* Work instruction:
Reproduce word for word the lines between the one containing "this 1200×1600 image." and the end of the entries below, both inclusive; leave out pictures.

* Dataset entries:
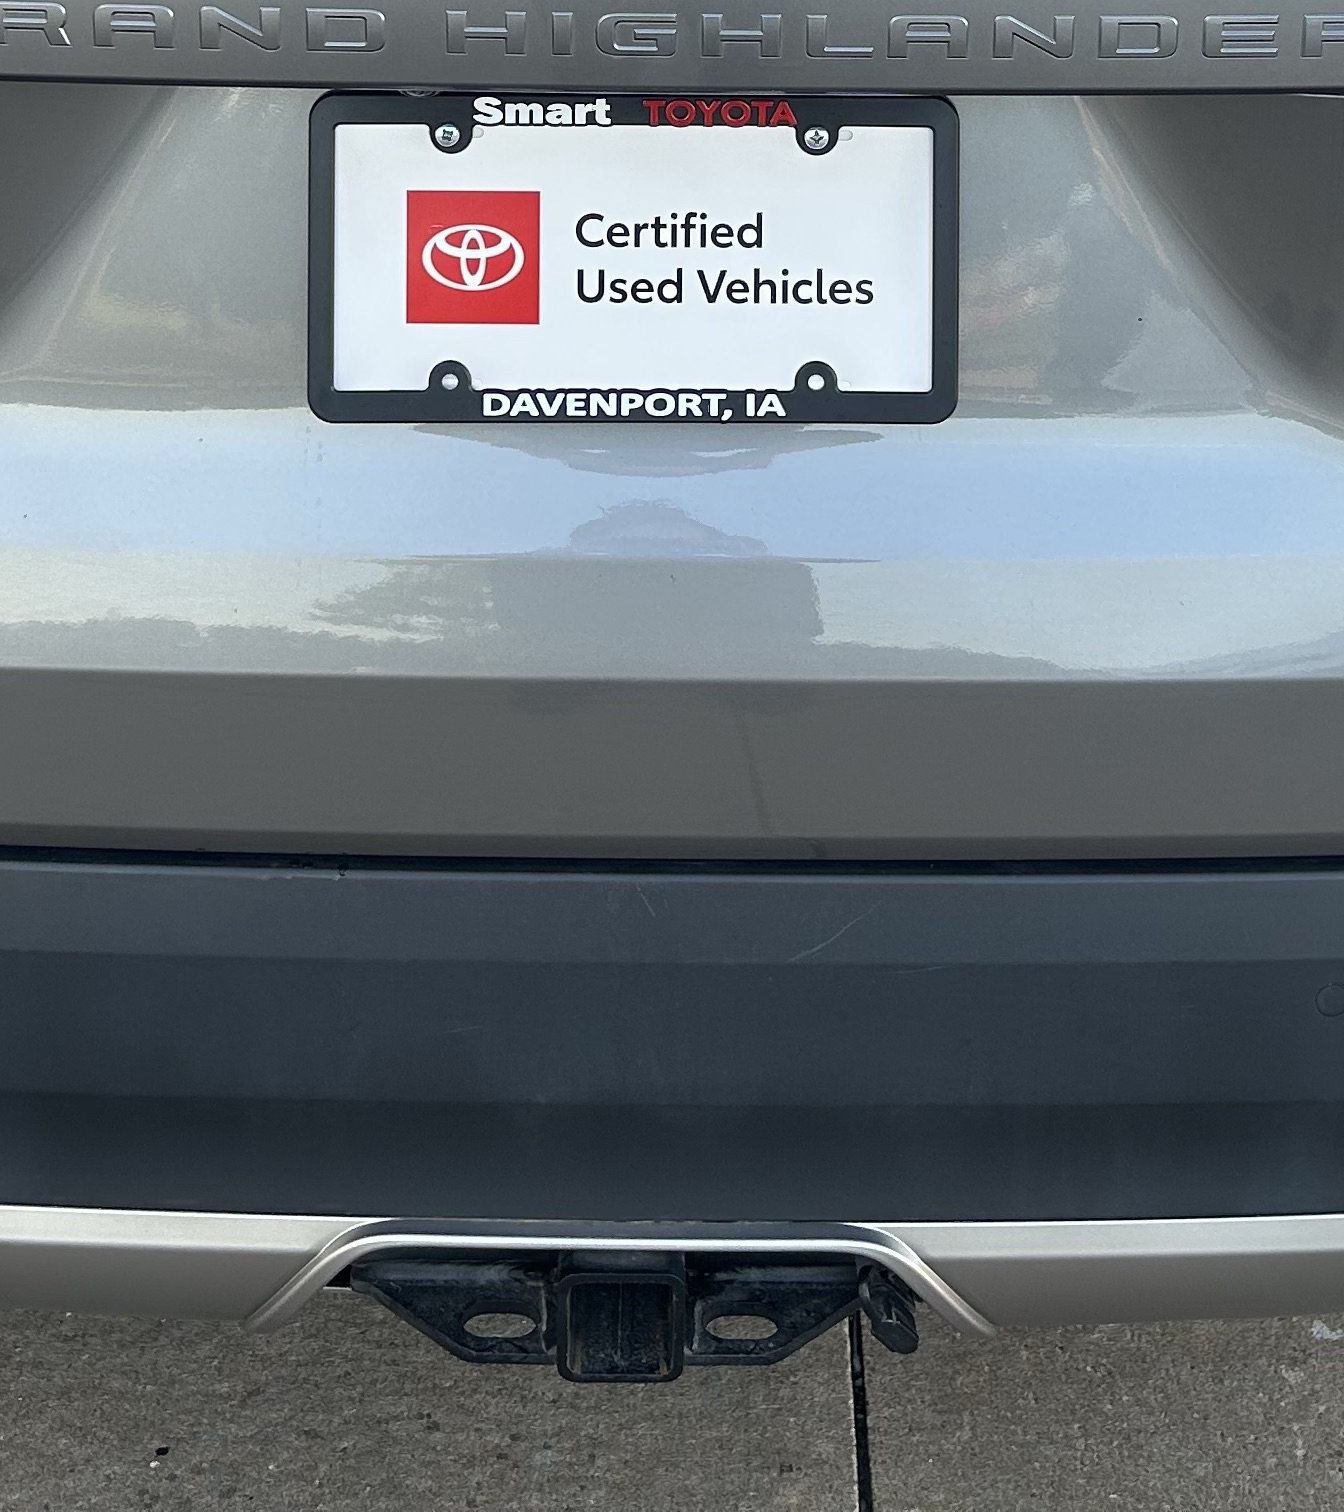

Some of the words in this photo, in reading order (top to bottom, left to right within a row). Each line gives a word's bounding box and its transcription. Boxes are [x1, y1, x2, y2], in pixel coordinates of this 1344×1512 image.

[472, 96, 613, 127] Smart
[643, 98, 798, 128] TOYOTA
[574, 212, 764, 250] Certified
[575, 268, 683, 305] Used
[696, 268, 875, 306] Vehicles
[481, 391, 733, 422] DAVENPORT,
[745, 391, 787, 418] IA
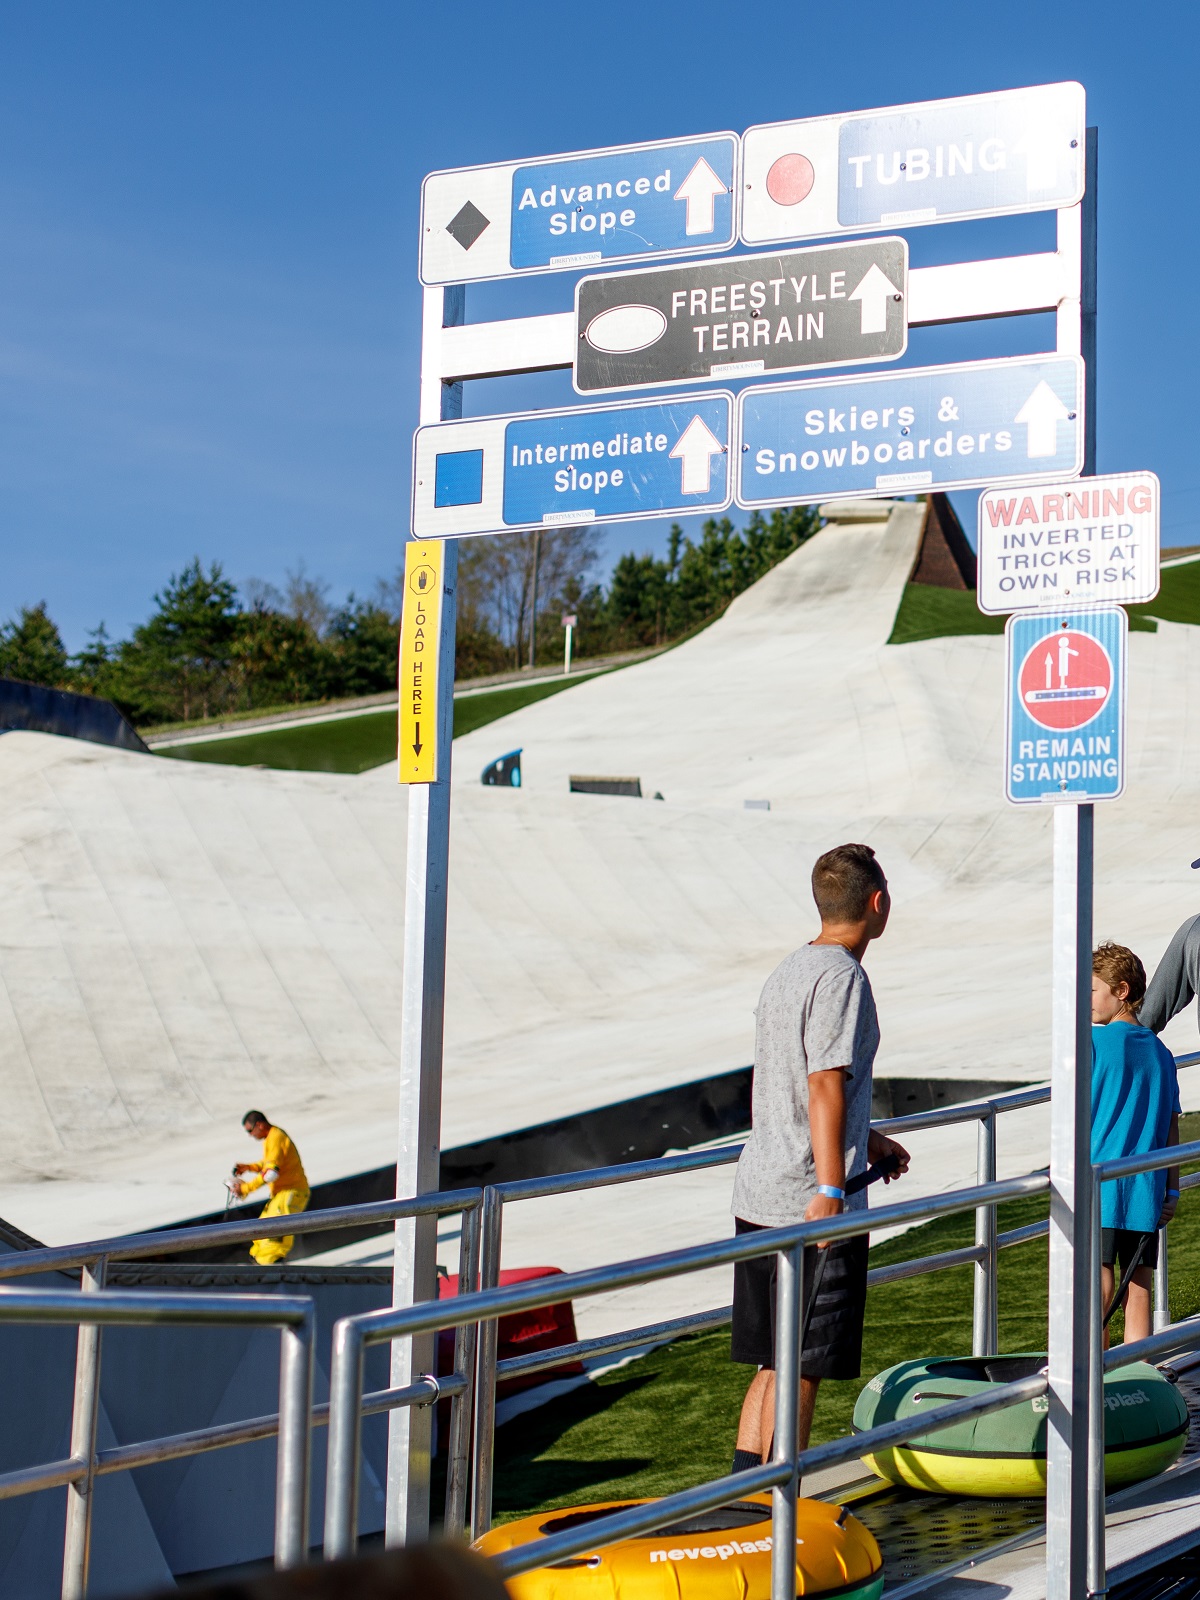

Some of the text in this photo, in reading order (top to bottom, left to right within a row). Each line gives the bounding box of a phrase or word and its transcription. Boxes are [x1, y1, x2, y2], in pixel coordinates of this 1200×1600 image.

[848, 138, 1007, 188] TUBING
[518, 169, 671, 210] Advanced
[549, 209, 636, 235] Slope
[671, 270, 846, 318] FREESTYLE
[693, 312, 824, 353] TERRAIN
[804, 396, 960, 436] Skiers &
[512, 431, 668, 467] Intermediate
[755, 430, 1012, 475] Snowboarders
[554, 468, 624, 494] Slope
[985, 485, 1152, 528] WARNING
[1003, 523, 1134, 550] INVERTED
[997, 544, 1140, 571] TRICKS AT
[999, 565, 1137, 592] OWN RISK
[412, 601, 426, 715] LOAD HERE
[1019, 736, 1111, 760] REMAIN
[1012, 758, 1117, 783] STANDING
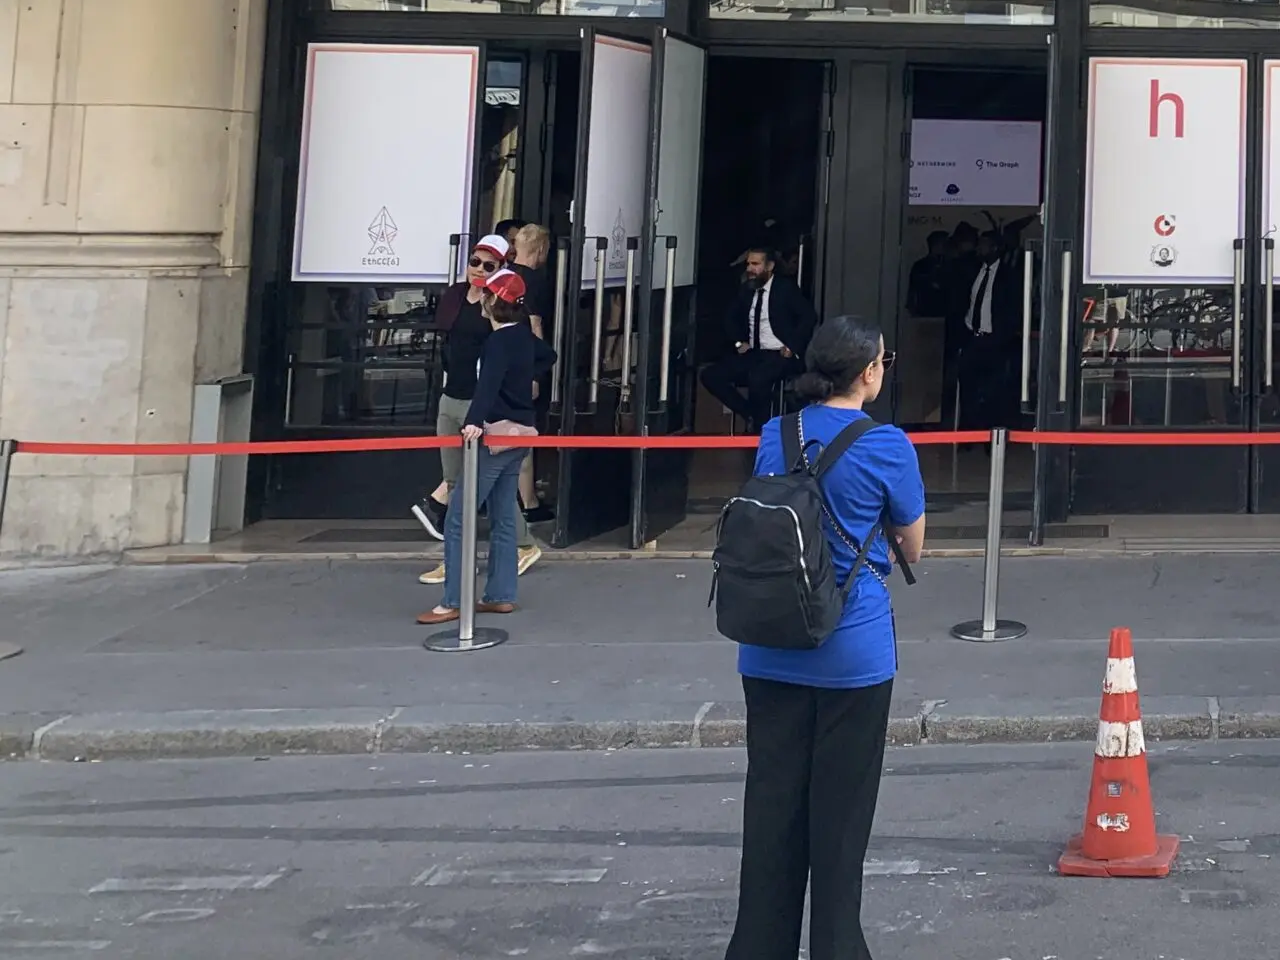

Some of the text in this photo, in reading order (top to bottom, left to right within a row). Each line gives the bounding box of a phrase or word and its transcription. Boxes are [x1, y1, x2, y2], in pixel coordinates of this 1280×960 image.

[1149, 79, 1184, 138] h
[999, 161, 1020, 169] Graph
[361, 257, 400, 266] EthCC[6]

* Exercise solution:
Some of the text in this photo, in reading order (top to bottom, left to right within a row). Each line gives the bounding box of a phrase or word and its transcription. Boxes are [x1, y1, x2, y2], in pixel coordinates of this 1200×1600 image.

[848, 138, 1007, 188] TUBING
[518, 169, 671, 210] Advanced
[549, 209, 636, 235] Slope
[671, 270, 846, 318] FREESTYLE
[693, 312, 824, 353] TERRAIN
[804, 396, 960, 436] Skiers &
[512, 431, 668, 467] Intermediate
[755, 430, 1012, 475] Snowboarders
[554, 468, 624, 494] Slope
[985, 485, 1152, 528] WARNING
[1003, 523, 1134, 550] INVERTED
[997, 544, 1140, 571] TRICKS AT
[999, 565, 1137, 592] OWN RISK
[412, 601, 426, 715] LOAD HERE
[1019, 736, 1111, 760] REMAIN
[1012, 758, 1117, 783] STANDING

Some of the text in this photo, in reading order (top to bottom, left to right within a row). Each line gives the bounding box of a phrase or word and its transcription. Boxes are [x1, y1, x2, y2], in pixel coordinates of this 1280×960 image.

[1149, 79, 1184, 138] h
[999, 161, 1020, 169] Graph
[361, 257, 400, 266] EthCC[6]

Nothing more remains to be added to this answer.